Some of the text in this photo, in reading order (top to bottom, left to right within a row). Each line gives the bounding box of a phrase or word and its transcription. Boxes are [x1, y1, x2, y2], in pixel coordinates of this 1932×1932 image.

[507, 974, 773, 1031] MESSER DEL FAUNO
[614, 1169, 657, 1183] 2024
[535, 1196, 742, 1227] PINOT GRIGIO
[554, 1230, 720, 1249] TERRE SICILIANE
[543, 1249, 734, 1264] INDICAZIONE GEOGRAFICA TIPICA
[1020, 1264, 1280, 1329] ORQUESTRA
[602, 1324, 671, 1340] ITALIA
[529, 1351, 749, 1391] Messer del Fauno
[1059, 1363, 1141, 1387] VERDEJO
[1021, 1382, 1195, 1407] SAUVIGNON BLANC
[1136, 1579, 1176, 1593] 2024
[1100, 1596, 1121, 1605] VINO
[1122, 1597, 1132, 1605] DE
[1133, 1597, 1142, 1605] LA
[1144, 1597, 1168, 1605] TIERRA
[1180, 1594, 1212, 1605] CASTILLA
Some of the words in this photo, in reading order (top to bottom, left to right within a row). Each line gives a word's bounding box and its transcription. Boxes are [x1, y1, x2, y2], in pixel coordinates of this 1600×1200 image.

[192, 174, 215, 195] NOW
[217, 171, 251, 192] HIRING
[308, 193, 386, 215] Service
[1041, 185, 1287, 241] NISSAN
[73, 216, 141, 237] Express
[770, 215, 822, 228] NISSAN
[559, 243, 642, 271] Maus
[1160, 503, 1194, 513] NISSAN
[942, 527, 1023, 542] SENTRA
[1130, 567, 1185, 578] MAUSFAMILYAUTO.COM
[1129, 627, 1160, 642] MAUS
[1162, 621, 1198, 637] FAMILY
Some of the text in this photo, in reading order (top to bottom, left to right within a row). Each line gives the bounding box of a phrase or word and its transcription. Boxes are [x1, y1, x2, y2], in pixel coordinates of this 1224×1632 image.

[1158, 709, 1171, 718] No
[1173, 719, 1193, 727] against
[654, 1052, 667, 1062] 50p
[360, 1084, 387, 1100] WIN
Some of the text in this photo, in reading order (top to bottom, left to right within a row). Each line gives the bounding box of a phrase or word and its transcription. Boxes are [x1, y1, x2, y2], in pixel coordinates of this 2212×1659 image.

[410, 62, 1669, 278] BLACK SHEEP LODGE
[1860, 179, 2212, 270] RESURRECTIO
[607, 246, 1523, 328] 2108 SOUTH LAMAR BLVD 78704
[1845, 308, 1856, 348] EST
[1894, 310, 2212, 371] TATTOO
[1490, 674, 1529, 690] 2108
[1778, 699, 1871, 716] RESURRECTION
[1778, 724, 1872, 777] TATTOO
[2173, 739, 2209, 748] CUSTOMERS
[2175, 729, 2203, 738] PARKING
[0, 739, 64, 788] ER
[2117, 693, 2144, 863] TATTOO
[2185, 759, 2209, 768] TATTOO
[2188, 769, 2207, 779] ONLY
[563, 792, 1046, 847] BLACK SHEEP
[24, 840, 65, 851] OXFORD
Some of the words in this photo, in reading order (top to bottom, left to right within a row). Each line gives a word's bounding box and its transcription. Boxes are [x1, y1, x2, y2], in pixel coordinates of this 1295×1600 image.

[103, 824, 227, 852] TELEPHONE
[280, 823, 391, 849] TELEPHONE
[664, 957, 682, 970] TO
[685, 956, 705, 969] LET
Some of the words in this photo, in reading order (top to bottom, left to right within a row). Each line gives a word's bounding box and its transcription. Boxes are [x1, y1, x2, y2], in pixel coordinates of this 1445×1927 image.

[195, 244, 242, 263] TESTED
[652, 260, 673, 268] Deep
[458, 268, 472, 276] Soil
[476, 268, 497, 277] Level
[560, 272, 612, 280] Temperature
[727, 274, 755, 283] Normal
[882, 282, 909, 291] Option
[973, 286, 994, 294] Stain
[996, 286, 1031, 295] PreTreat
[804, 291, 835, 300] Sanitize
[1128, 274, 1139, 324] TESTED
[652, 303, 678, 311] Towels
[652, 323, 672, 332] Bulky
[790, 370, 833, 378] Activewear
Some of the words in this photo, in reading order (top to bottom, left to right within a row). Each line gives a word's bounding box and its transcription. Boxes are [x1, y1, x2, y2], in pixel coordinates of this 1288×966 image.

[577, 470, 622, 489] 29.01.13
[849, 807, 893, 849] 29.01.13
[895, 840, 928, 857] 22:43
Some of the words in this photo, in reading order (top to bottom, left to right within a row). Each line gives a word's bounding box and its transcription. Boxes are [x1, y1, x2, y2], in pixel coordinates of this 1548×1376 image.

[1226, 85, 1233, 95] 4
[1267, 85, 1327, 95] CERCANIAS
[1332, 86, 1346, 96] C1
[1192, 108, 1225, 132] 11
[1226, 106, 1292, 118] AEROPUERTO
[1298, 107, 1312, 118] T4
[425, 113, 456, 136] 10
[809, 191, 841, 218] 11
══════════════════════════════
Give back the data above exactly, so that every line matches.

Some of the text in this photo, in reading order (top to bottom, left to right within a row). Each line gives the bounding box of a phrase or word and its transcription. Boxes are [x1, y1, x2, y2], in pixel coordinates of this 1932×1932 image.

[507, 974, 773, 1031] MESSER DEL FAUNO
[614, 1169, 657, 1183] 2024
[535, 1196, 742, 1227] PINOT GRIGIO
[554, 1230, 720, 1249] TERRE SICILIANE
[543, 1249, 734, 1264] INDICAZIONE GEOGRAFICA TIPICA
[1020, 1264, 1280, 1329] ORQUESTRA
[602, 1324, 671, 1340] ITALIA
[529, 1351, 749, 1391] Messer del Fauno
[1059, 1363, 1141, 1387] VERDEJO
[1021, 1382, 1195, 1407] SAUVIGNON BLANC
[1136, 1579, 1176, 1593] 2024
[1100, 1596, 1121, 1605] VINO
[1122, 1597, 1132, 1605] DE
[1133, 1597, 1142, 1605] LA
[1144, 1597, 1168, 1605] TIERRA
[1180, 1594, 1212, 1605] CASTILLA
Some of the words in this photo, in reading order (top to bottom, left to right within a row). Each line gives a word's bounding box and its transcription. Boxes are [x1, y1, x2, y2], in pixel coordinates of this 1600×1200 image.

[192, 174, 215, 195] NOW
[217, 171, 251, 192] HIRING
[308, 193, 386, 215] Service
[1041, 185, 1287, 241] NISSAN
[73, 216, 141, 237] Express
[770, 215, 822, 228] NISSAN
[559, 243, 642, 271] Maus
[1160, 503, 1194, 513] NISSAN
[942, 527, 1023, 542] SENTRA
[1130, 567, 1185, 578] MAUSFAMILYAUTO.COM
[1129, 627, 1160, 642] MAUS
[1162, 621, 1198, 637] FAMILY
Some of the text in this photo, in reading order (top to bottom, left to right within a row). Each line gives the bounding box of a phrase or word and its transcription. Boxes are [x1, y1, x2, y2], in pixel coordinates of this 1224×1632 image.

[1158, 709, 1171, 718] No
[1173, 719, 1193, 727] against
[654, 1052, 667, 1062] 50p
[360, 1084, 387, 1100] WIN
Some of the text in this photo, in reading order (top to bottom, left to right within a row). Each line gives the bounding box of a phrase or word and its transcription. Boxes are [x1, y1, x2, y2], in pixel coordinates of this 2212×1659 image.

[410, 62, 1669, 278] BLACK SHEEP LODGE
[1860, 179, 2212, 270] RESURRECTIO
[607, 246, 1523, 328] 2108 SOUTH LAMAR BLVD 78704
[1845, 308, 1856, 348] EST
[1894, 310, 2212, 371] TATTOO
[1490, 674, 1529, 690] 2108
[1778, 699, 1871, 716] RESURRECTION
[1778, 724, 1872, 777] TATTOO
[2173, 739, 2209, 748] CUSTOMERS
[2175, 729, 2203, 738] PARKING
[0, 739, 64, 788] ER
[2117, 693, 2144, 863] TATTOO
[2185, 759, 2209, 768] TATTOO
[2188, 769, 2207, 779] ONLY
[563, 792, 1046, 847] BLACK SHEEP
[24, 840, 65, 851] OXFORD
Some of the words in this photo, in reading order (top to bottom, left to right within a row). Each line gives a word's bounding box and its transcription. Boxes are [x1, y1, x2, y2], in pixel coordinates of this 1295×1600 image.

[103, 824, 227, 852] TELEPHONE
[280, 823, 391, 849] TELEPHONE
[664, 957, 682, 970] TO
[685, 956, 705, 969] LET
Some of the words in this photo, in reading order (top to bottom, left to right within a row). Each line gives a word's bounding box and its transcription. Boxes are [x1, y1, x2, y2], in pixel coordinates of this 1445×1927 image.

[195, 244, 242, 263] TESTED
[652, 260, 673, 268] Deep
[458, 268, 472, 276] Soil
[476, 268, 497, 277] Level
[560, 272, 612, 280] Temperature
[727, 274, 755, 283] Normal
[882, 282, 909, 291] Option
[973, 286, 994, 294] Stain
[996, 286, 1031, 295] PreTreat
[804, 291, 835, 300] Sanitize
[1128, 274, 1139, 324] TESTED
[652, 303, 678, 311] Towels
[652, 323, 672, 332] Bulky
[790, 370, 833, 378] Activewear
Some of the words in this photo, in reading order (top to bottom, left to right within a row). Each line gives a word's bounding box and its transcription. Boxes are [x1, y1, x2, y2], in pixel coordinates of this 1288×966 image.

[577, 470, 622, 489] 29.01.13
[849, 807, 893, 849] 29.01.13
[895, 840, 928, 857] 22:43
Some of the words in this photo, in reading order (top to bottom, left to right within a row). Each line gives a word's bounding box and its transcription. Boxes are [x1, y1, x2, y2], in pixel coordinates of this 1548×1376 image.

[1226, 85, 1233, 95] 4
[1267, 85, 1327, 95] CERCANIAS
[1332, 86, 1346, 96] C1
[1192, 108, 1225, 132] 11
[1226, 106, 1292, 118] AEROPUERTO
[1298, 107, 1312, 118] T4
[425, 113, 456, 136] 10
[809, 191, 841, 218] 11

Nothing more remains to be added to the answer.